◆ WHAT THE EXERCISE ASKS ◆
Return exactly the span that opens with the line containing "Some of the words" and closes with the final line of the records, both included.

(Free-text object descriptions)
:::
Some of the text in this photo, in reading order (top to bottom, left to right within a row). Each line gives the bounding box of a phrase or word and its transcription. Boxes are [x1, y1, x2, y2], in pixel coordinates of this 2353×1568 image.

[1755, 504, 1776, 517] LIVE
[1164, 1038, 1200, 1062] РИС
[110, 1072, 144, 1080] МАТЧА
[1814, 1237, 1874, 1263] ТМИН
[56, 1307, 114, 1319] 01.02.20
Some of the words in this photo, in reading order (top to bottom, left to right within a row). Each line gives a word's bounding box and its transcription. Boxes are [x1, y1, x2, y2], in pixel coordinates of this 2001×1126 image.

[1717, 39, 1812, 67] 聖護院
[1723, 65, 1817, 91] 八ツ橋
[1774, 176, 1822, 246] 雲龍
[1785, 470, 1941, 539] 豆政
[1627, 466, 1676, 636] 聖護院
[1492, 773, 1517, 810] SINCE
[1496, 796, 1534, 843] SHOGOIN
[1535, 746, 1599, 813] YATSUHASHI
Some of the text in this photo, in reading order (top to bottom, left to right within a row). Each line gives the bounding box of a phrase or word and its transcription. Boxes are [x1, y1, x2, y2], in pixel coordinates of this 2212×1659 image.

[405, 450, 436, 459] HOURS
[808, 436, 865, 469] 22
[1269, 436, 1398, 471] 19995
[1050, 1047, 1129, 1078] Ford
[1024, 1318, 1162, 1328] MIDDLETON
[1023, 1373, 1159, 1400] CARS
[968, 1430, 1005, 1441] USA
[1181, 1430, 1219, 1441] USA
:::
◆ SOLUTION TO THE EXERCISE ◆
Some of the words in this photo, in reading order (top to bottom, left to right within a row). Each line gives a word's bounding box and its transcription. Boxes are [x1, y1, x2, y2], in pixel coordinates of this 2001×1126 image.

[1717, 39, 1812, 67] 聖護院
[1723, 65, 1817, 91] 八ツ橋
[1774, 176, 1822, 246] 雲龍
[1785, 470, 1941, 539] 豆政
[1627, 466, 1676, 636] 聖護院
[1492, 773, 1517, 810] SINCE
[1496, 796, 1534, 843] SHOGOIN
[1535, 746, 1599, 813] YATSUHASHI
Some of the text in this photo, in reading order (top to bottom, left to right within a row). Each line gives the bounding box of a phrase or word and its transcription. Boxes are [x1, y1, x2, y2], in pixel coordinates of this 2212×1659 image.

[405, 450, 436, 459] HOURS
[808, 436, 865, 469] 22
[1269, 436, 1398, 471] 19995
[1050, 1047, 1129, 1078] Ford
[1024, 1318, 1162, 1328] MIDDLETON
[1023, 1373, 1159, 1400] CARS
[968, 1430, 1005, 1441] USA
[1181, 1430, 1219, 1441] USA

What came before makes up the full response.